▶ _EXERCISE PROMPT_: Omitting the pictures, restate all of the entries below exactly.
----- PROVIDED DATA -----
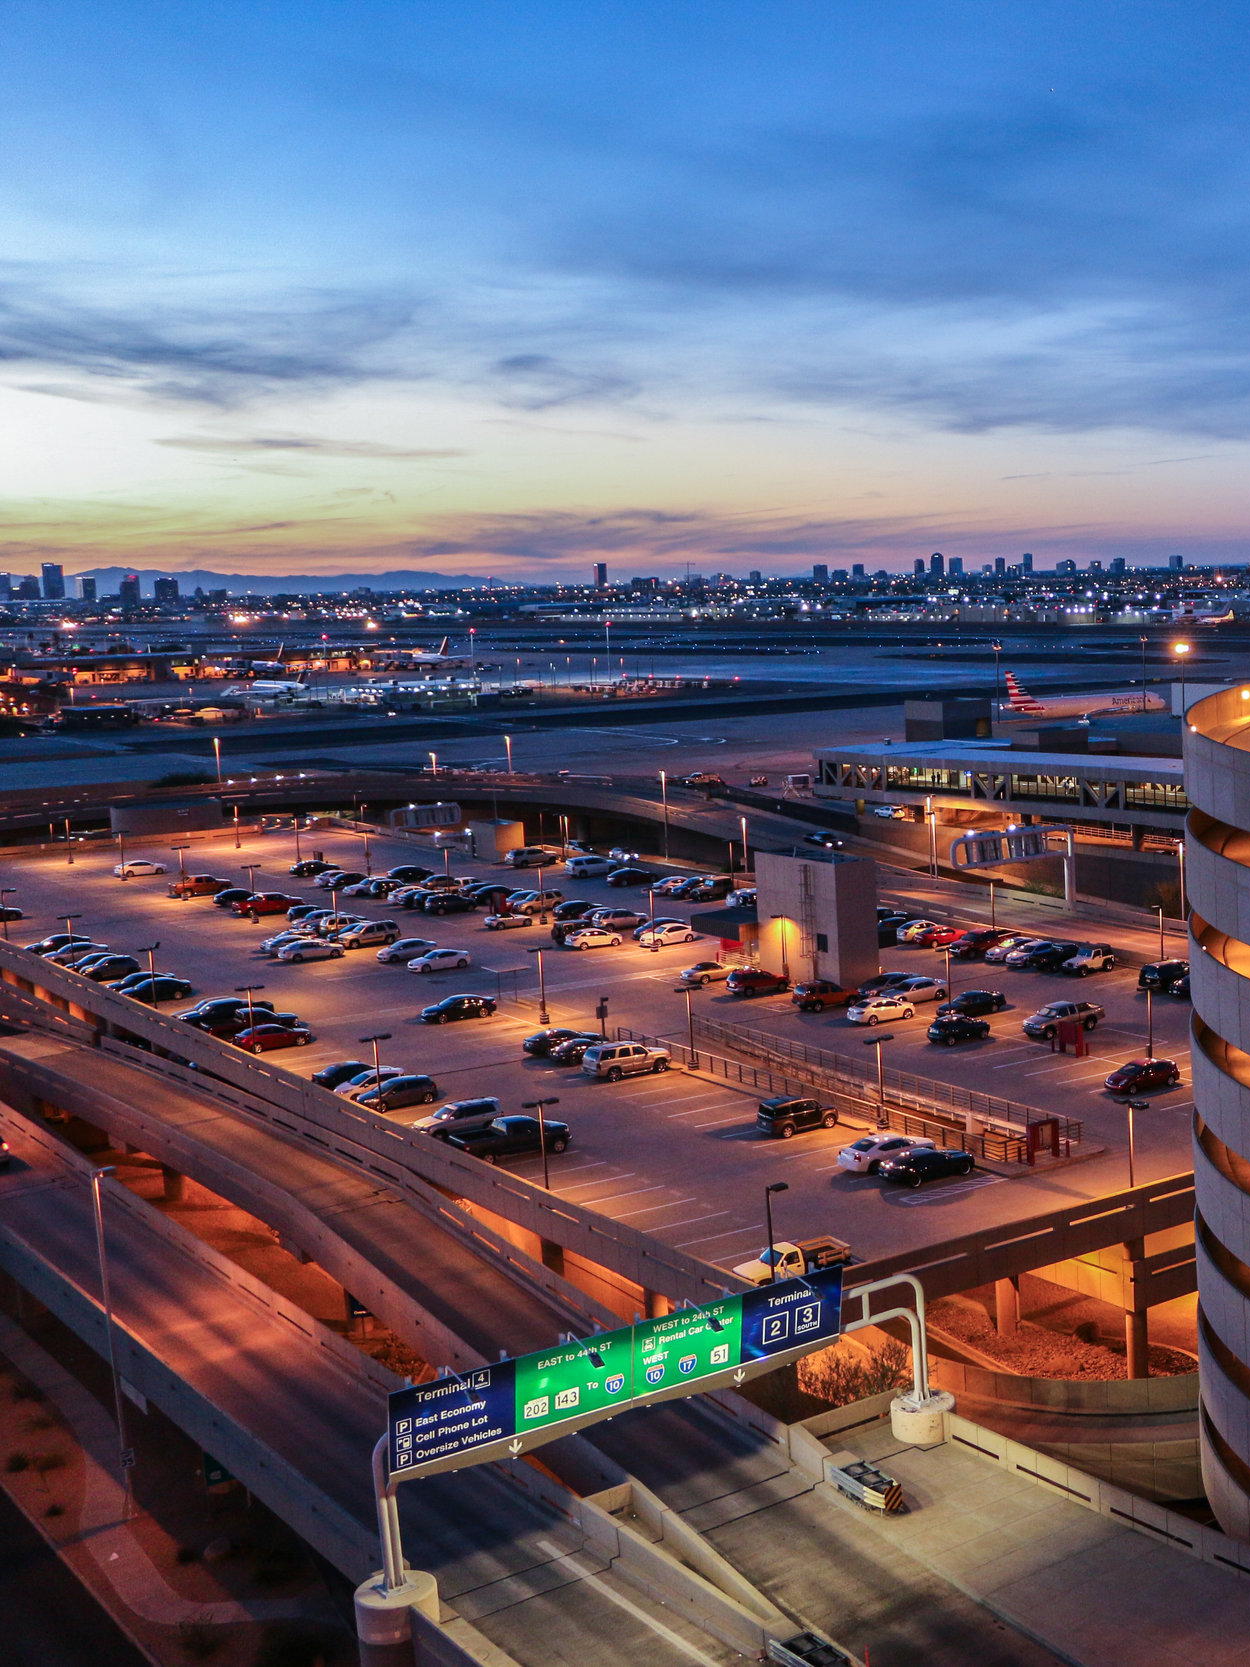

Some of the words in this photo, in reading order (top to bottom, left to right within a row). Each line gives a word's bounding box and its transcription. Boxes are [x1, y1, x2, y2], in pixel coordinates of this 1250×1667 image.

[653, 1319, 679, 1333] WEST
[681, 1317, 690, 1325] to
[712, 1305, 724, 1316] ST
[658, 1329, 686, 1345] Rental
[688, 1324, 704, 1336] Car
[705, 1316, 734, 1330] Cter
[770, 1320, 781, 1336] 2
[802, 1307, 813, 1323] 3
[797, 1320, 818, 1332] SOUTH
[537, 1356, 563, 1370] EAST
[565, 1353, 575, 1362] to
[599, 1341, 612, 1352] ST
[642, 1350, 669, 1365] WEST
[649, 1370, 660, 1382] 10
[683, 1360, 692, 1371] 17
[713, 1348, 726, 1362] 51
[416, 1378, 471, 1402] Terminal
[526, 1402, 547, 1417] 202
[557, 1391, 577, 1407] 143
[586, 1381, 599, 1390] To
[609, 1380, 620, 1391] 10
[399, 1421, 408, 1433] P
[415, 1413, 438, 1427] East
[440, 1400, 487, 1420] Economy
[415, 1430, 435, 1443] Cell
[438, 1420, 469, 1436] Phone
[471, 1415, 488, 1427] Lot
[400, 1454, 409, 1465] P
[416, 1440, 459, 1459] Oversize
[461, 1427, 502, 1445] Vehicles
-----
▶ _YOUR SOLUTION_:
Some of the words in this photo, in reading order (top to bottom, left to right within a row). Each line gives a word's bounding box and its transcription. Boxes are [x1, y1, x2, y2], in pixel coordinates of this 1250×1667 image.

[653, 1319, 679, 1333] WEST
[681, 1317, 690, 1325] to
[712, 1305, 724, 1316] ST
[658, 1329, 686, 1345] Rental
[688, 1324, 704, 1336] Car
[705, 1316, 734, 1330] Cter
[770, 1320, 781, 1336] 2
[802, 1307, 813, 1323] 3
[797, 1320, 818, 1332] SOUTH
[537, 1356, 563, 1370] EAST
[565, 1353, 575, 1362] to
[599, 1341, 612, 1352] ST
[642, 1350, 669, 1365] WEST
[649, 1370, 660, 1382] 10
[683, 1360, 692, 1371] 17
[713, 1348, 726, 1362] 51
[416, 1378, 471, 1402] Terminal
[526, 1402, 547, 1417] 202
[557, 1391, 577, 1407] 143
[586, 1381, 599, 1390] To
[609, 1380, 620, 1391] 10
[399, 1421, 408, 1433] P
[415, 1413, 438, 1427] East
[440, 1400, 487, 1420] Economy
[415, 1430, 435, 1443] Cell
[438, 1420, 469, 1436] Phone
[471, 1415, 488, 1427] Lot
[400, 1454, 409, 1465] P
[416, 1440, 459, 1459] Oversize
[461, 1427, 502, 1445] Vehicles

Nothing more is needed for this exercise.